How to fuzz a Rust program

Manish Goregaokar wrote a brilliant blog post about cargo-fuzz and its use in fuzzing Rust programs.

Since that post, I have pushed code to update the default fuzz target template and to make the whole fuzzing experience even nicer. I also cloned a load of open-source projects and ran cargo-fuzz against them... with success. As of today, I’ve submitted 10 bugs to the trophy case; 6 of which are fixed and 4 with open issues on the projects.

If you have a project that takes input, I urge you to fuzz test your code!

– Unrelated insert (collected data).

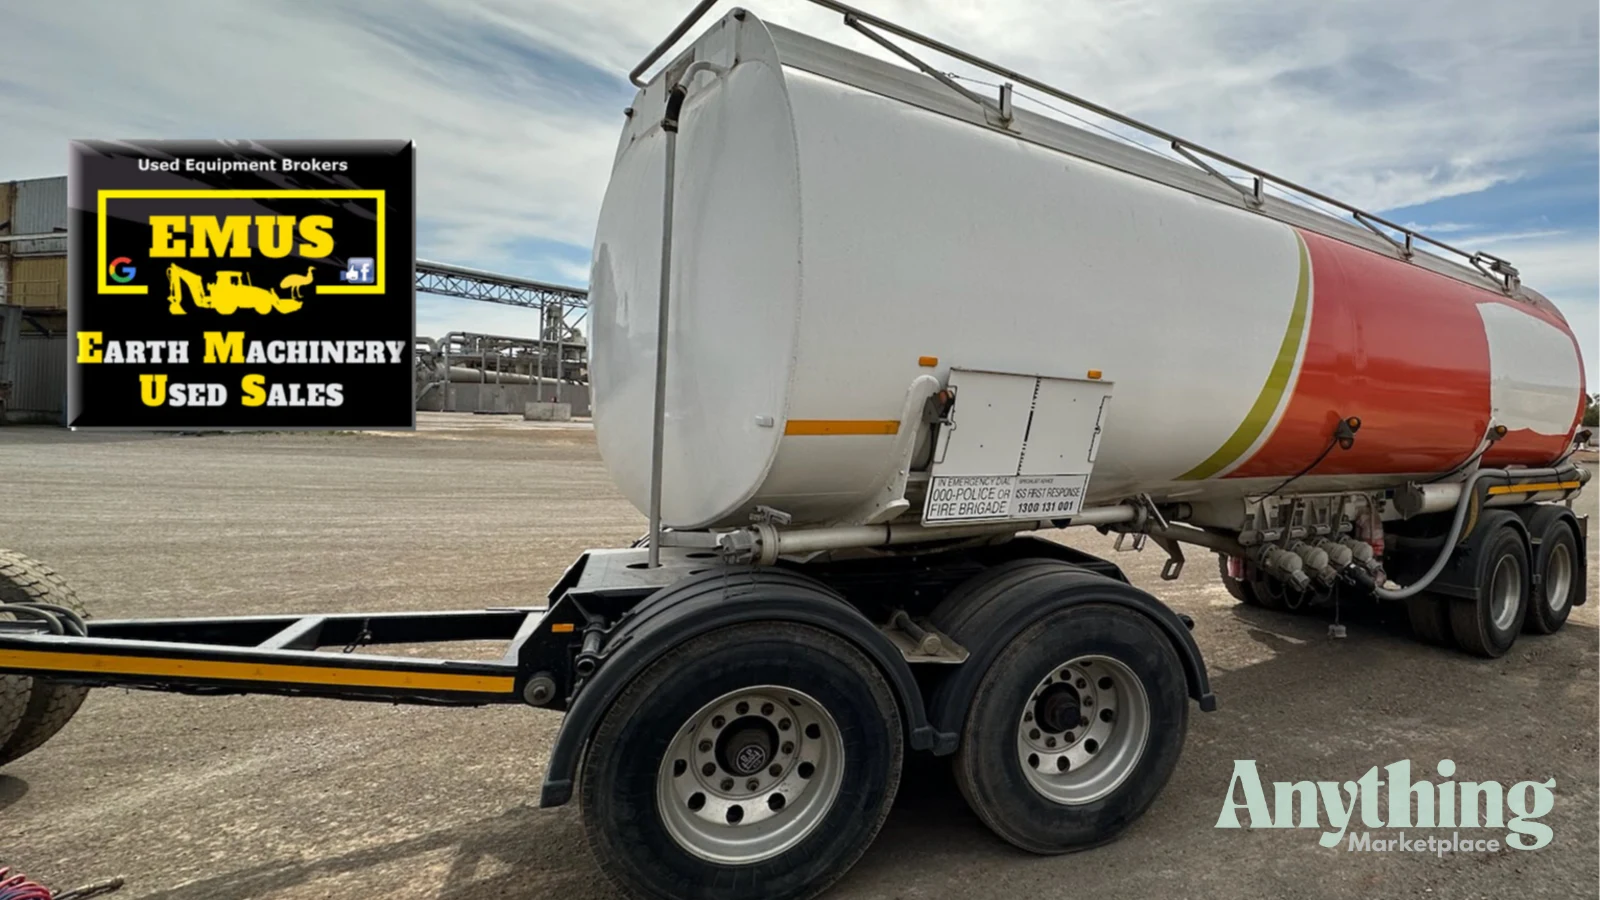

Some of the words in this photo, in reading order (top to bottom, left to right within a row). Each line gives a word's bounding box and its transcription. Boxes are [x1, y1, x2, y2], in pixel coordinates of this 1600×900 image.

[947, 477, 995, 486] EMERGENCY
[933, 487, 996, 501] 000-POLICE
[998, 489, 1011, 499] OR
[1027, 487, 1046, 498] FIRST
[1046, 487, 1081, 498] RESPONSE
[930, 503, 957, 516] FIRE
[958, 501, 1007, 515] BRIGADE
[1018, 502, 1040, 513] 1300
[1042, 501, 1056, 512] 131
[1057, 501, 1074, 511] 001

Anyway — this is the typical workflow I run through to test a project:

$ cd <your-amazing-project>
$ cargo install cargo-fuzz # (if not already installed)
$ cargo fuzz init
$ vim fuzz/fuzzers/fuzzer_script_1.rs

<edit and save the file... more below>

$ cargo fuzz run fuzzer_script_1

<sit back and wait>

... and that’s it.

/u/lifthrasiir has some good tips regarding command-line flags to speed up fuzzing.

In terms of what to put in the fuzz target, it's simple. You’re typically going to want to add code in here that is the entry point to the rest of the library. (You can, of course, test a certain feature of your program but at least here it’ll test the whole thing.)

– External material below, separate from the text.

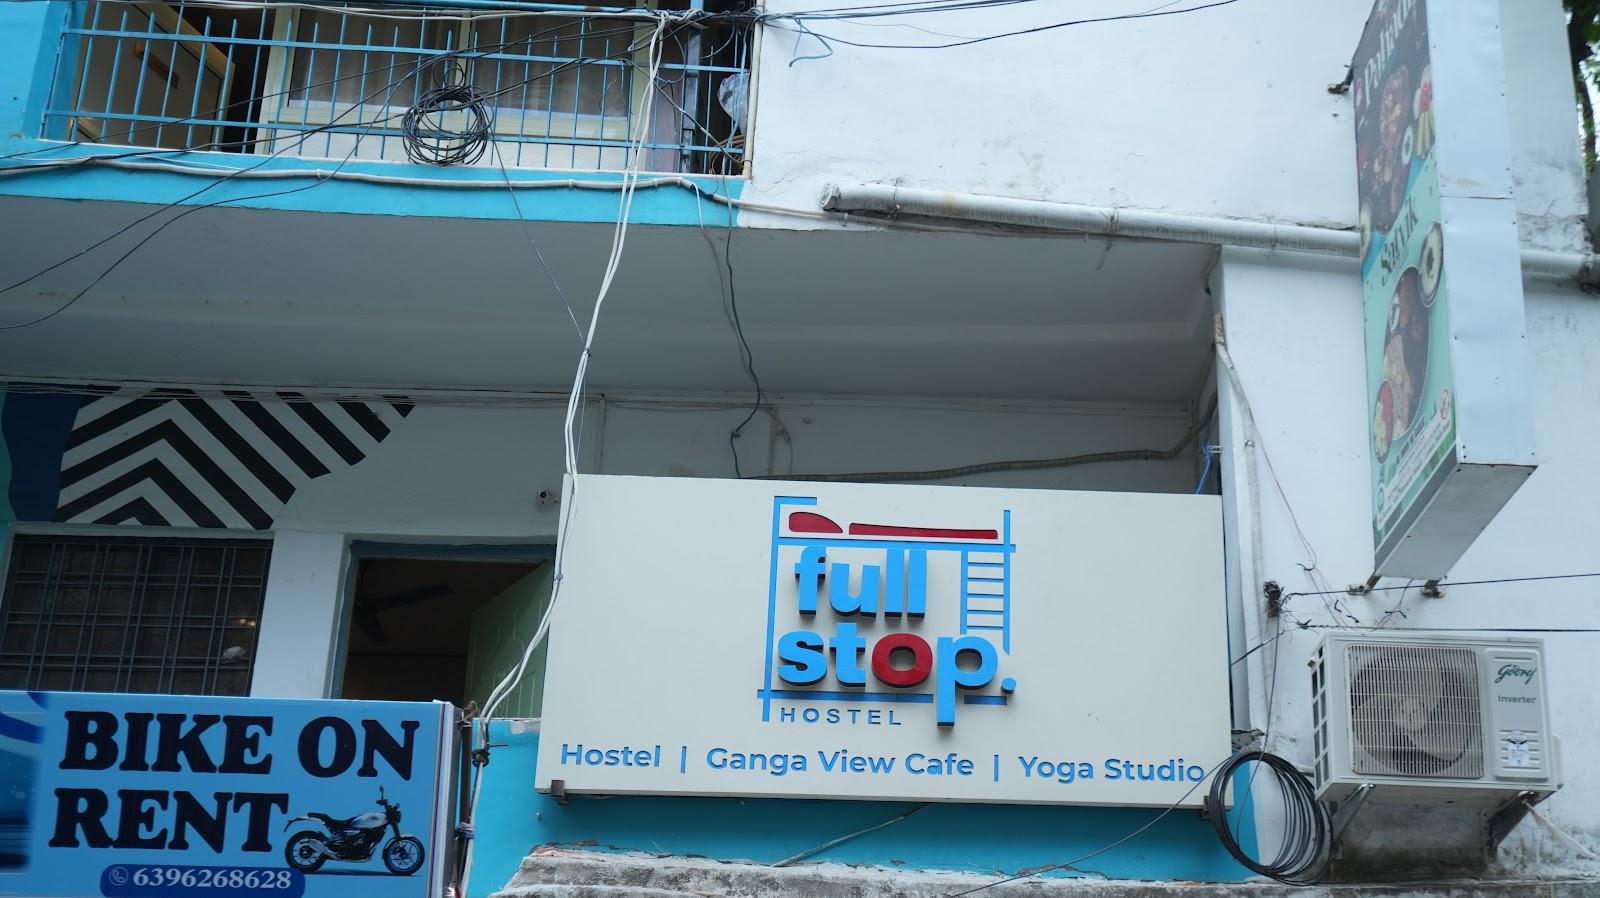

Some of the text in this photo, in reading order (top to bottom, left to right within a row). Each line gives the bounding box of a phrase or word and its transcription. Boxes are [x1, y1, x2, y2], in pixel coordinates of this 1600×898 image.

An example of such code is below:

#![no_main]
#[macro_use] extern crate libfuzzer_sys;
extern crate your_lib;

fuzz_target!(|data: &[u8]| {
    let _ = your_lib::parse(data); // I added this line.
});

"... But my code doesn’t take a &[u8]", you say — Easy, you can use the following to convert it to a &str.

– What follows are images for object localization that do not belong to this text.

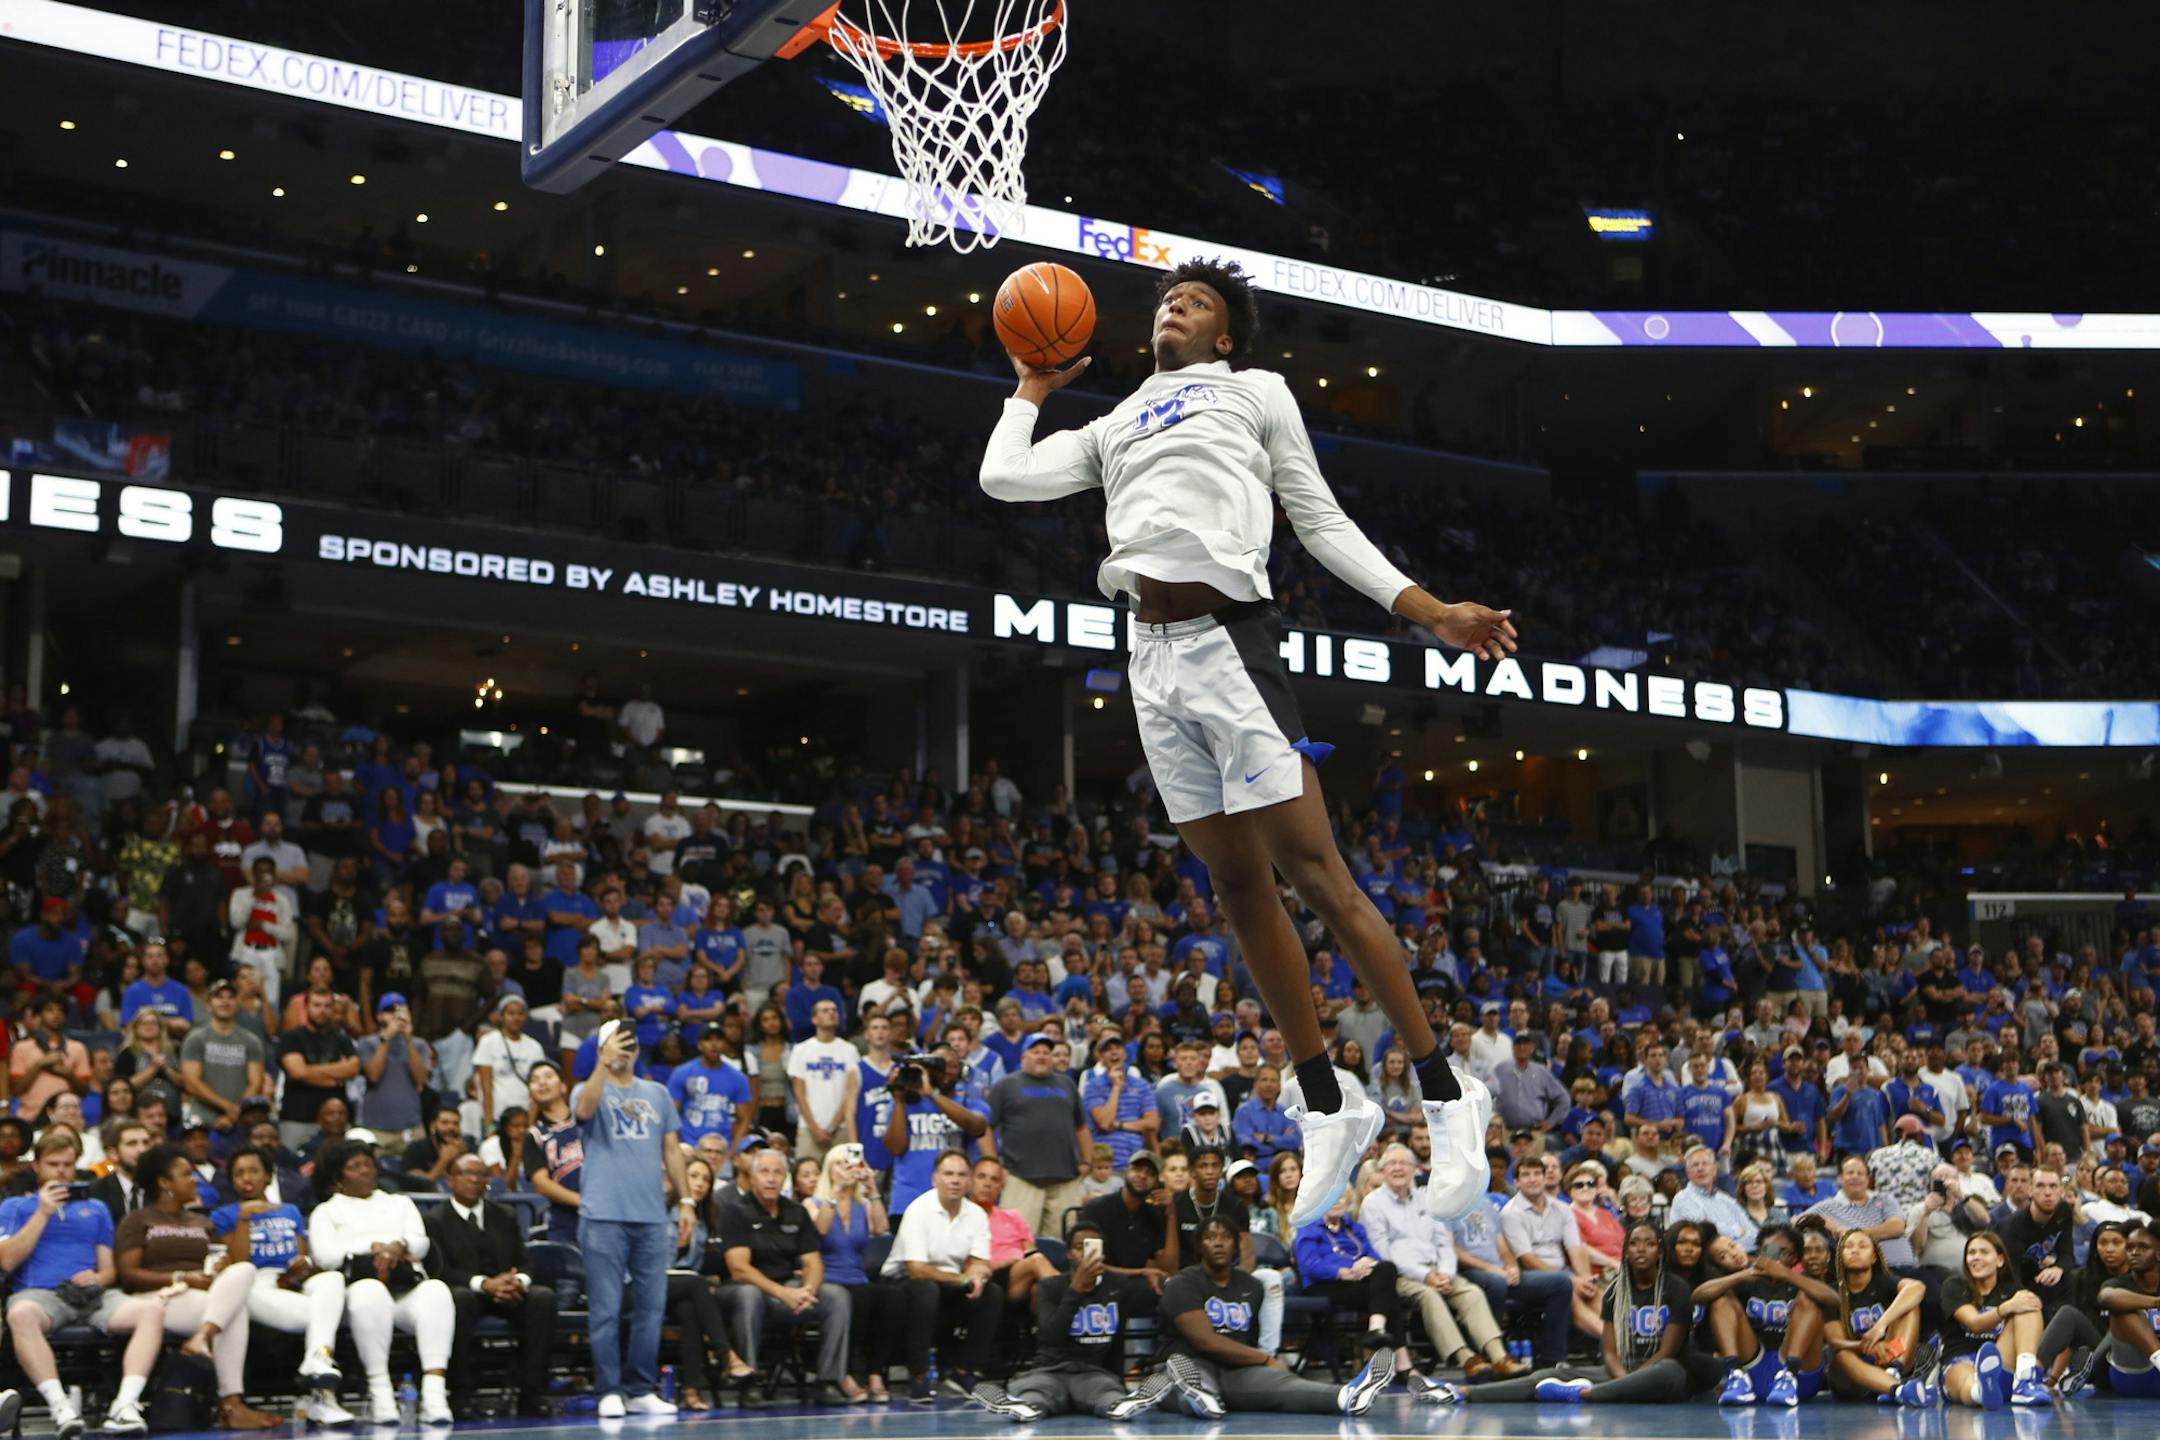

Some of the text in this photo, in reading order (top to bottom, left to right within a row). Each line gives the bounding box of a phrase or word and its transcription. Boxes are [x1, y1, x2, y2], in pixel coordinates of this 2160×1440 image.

[155, 28, 509, 132] FEDEX.COM/DELIVER
[1079, 216, 1172, 267] FedEx
[1273, 260, 1504, 330] FEDEX.COM/DELIVER
[318, 535, 968, 634] SPONSORED BY ASHLEY HOMESTORE
[993, 593, 1783, 729] MEHIS MADNESS
[1984, 903, 2007, 919] 112
[614, 1107, 648, 1136] M
[1204, 1296, 1252, 1332] 901

if let Ok(utf8) = std::str::from_utf8(data) {
    let _ = your_lib::parse(utf8);
}

Now, from here you can either submit an issue to the project or fix the bug yourself. I typically use the following format to submit crashes I have found (example here):

Found using `cargo-fuzz`.

<a minimal program (containing input) which causes the issue>

<backtrace>

I’ll soon be publishing another post about analysing and fixing crashes so keep an eye out — that’s all for now, thanks guys!